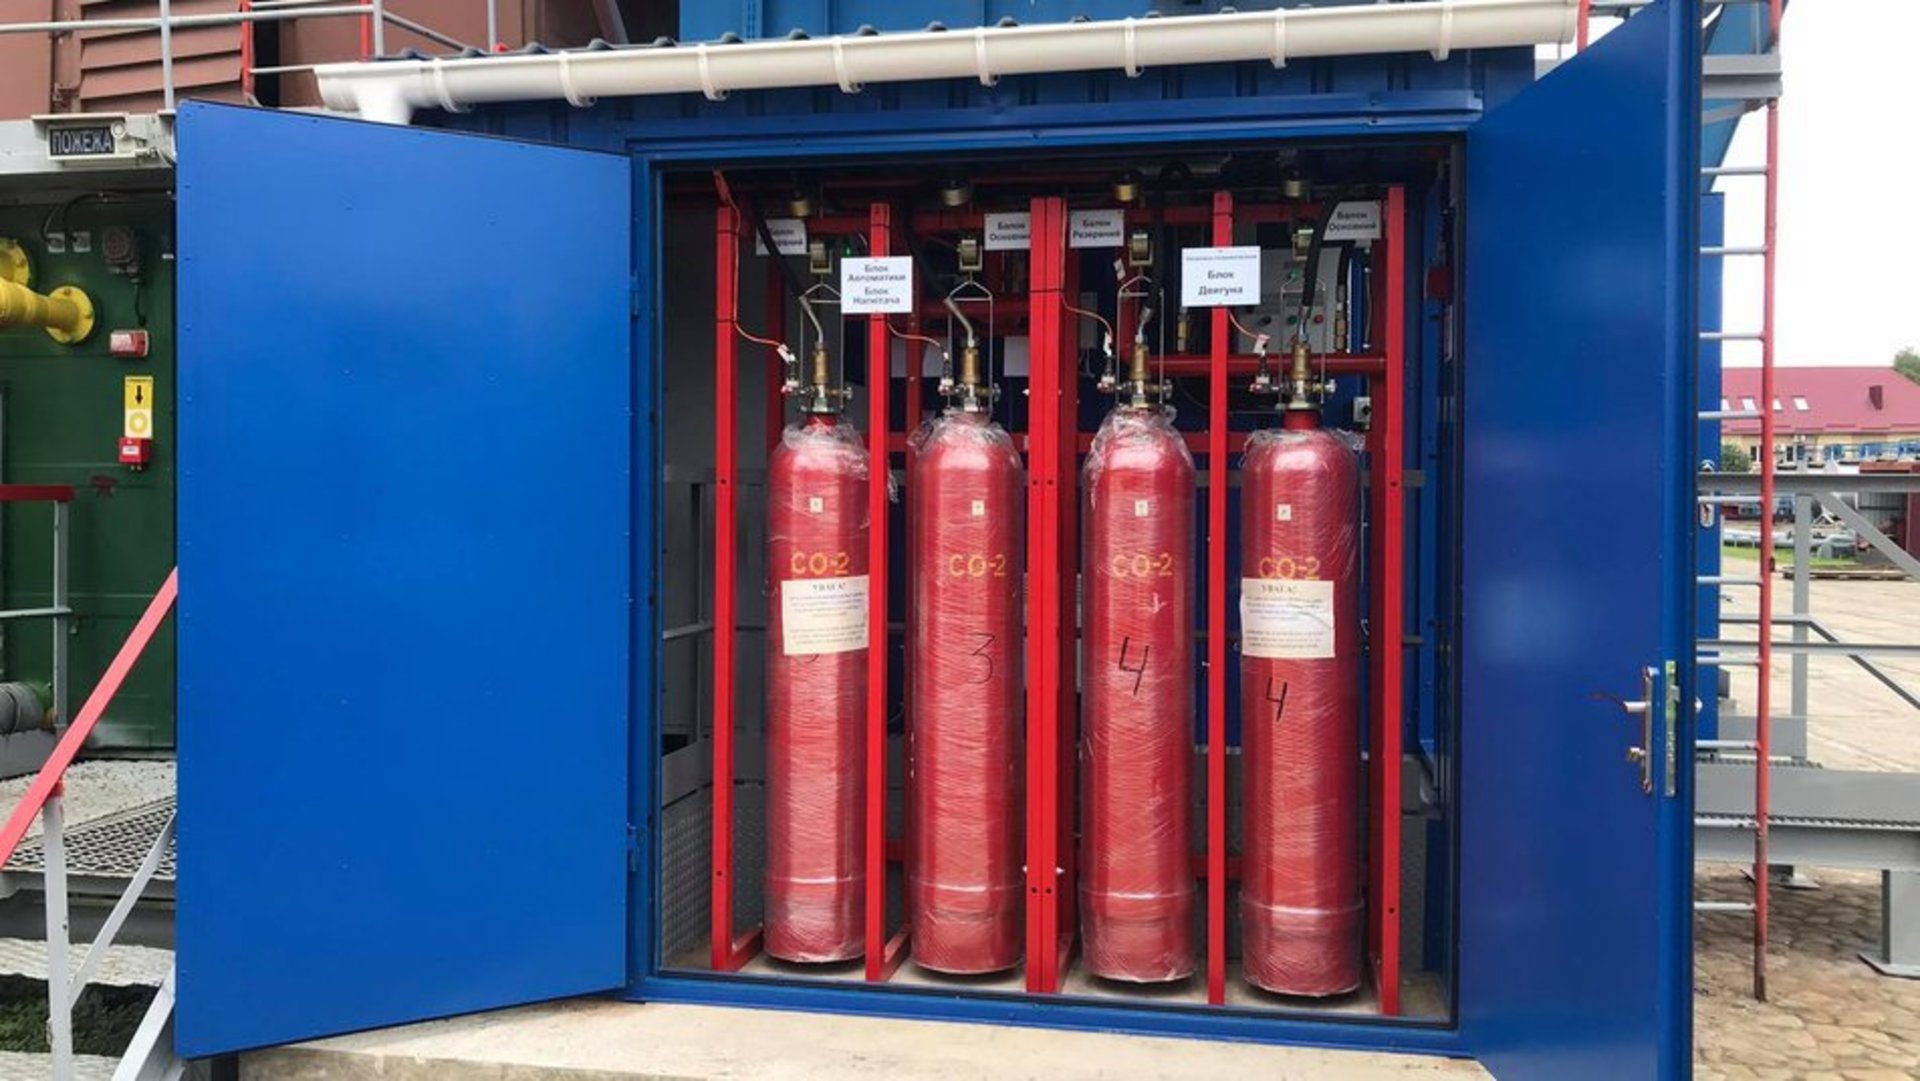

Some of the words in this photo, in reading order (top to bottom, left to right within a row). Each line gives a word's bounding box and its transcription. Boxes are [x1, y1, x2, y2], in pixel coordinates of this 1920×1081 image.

[52, 130, 112, 153] ПОЖЕЖА
[1337, 210, 1368, 220] Балон
[997, 221, 1025, 230] Балон
[1082, 219, 1112, 228] Балон
[1328, 222, 1377, 232] Основний
[1072, 230, 1121, 240] Резервний
[864, 263, 889, 273] Блок
[847, 274, 906, 283] Автоматики
[1207, 269, 1234, 280] Блок
[864, 286, 889, 296] Блок
[1197, 285, 1244, 297] Двигуна
[790, 552, 849, 576] CO-2
[948, 553, 1007, 577] CO-2
[1111, 552, 1173, 578] CO-2
[1258, 556, 1321, 579] CO-2
[967, 632, 996, 684] 3
[1118, 635, 1150, 696] 4
[1265, 676, 1288, 722] 4
┄┄┄┄┄┄┄┄┄┄┄┄┄┄┄┄┄┄┄┄
TO DO:
When you write out the material above, keep every line exact and drop each picture.

TASK OUTPUT:
Some of the words in this photo, in reading order (top to bottom, left to right within a row). Each line gives a word's bounding box and its transcription. Boxes are [x1, y1, x2, y2], in pixel coordinates of this 1920×1081 image.

[52, 130, 112, 153] ПОЖЕЖА
[1337, 210, 1368, 220] Балон
[997, 221, 1025, 230] Балон
[1082, 219, 1112, 228] Балон
[1328, 222, 1377, 232] Основний
[1072, 230, 1121, 240] Резервний
[864, 263, 889, 273] Блок
[847, 274, 906, 283] Автоматики
[1207, 269, 1234, 280] Блок
[864, 286, 889, 296] Блок
[1197, 285, 1244, 297] Двигуна
[790, 552, 849, 576] CO-2
[948, 553, 1007, 577] CO-2
[1111, 552, 1173, 578] CO-2
[1258, 556, 1321, 579] CO-2
[967, 632, 996, 684] 3
[1118, 635, 1150, 696] 4
[1265, 676, 1288, 722] 4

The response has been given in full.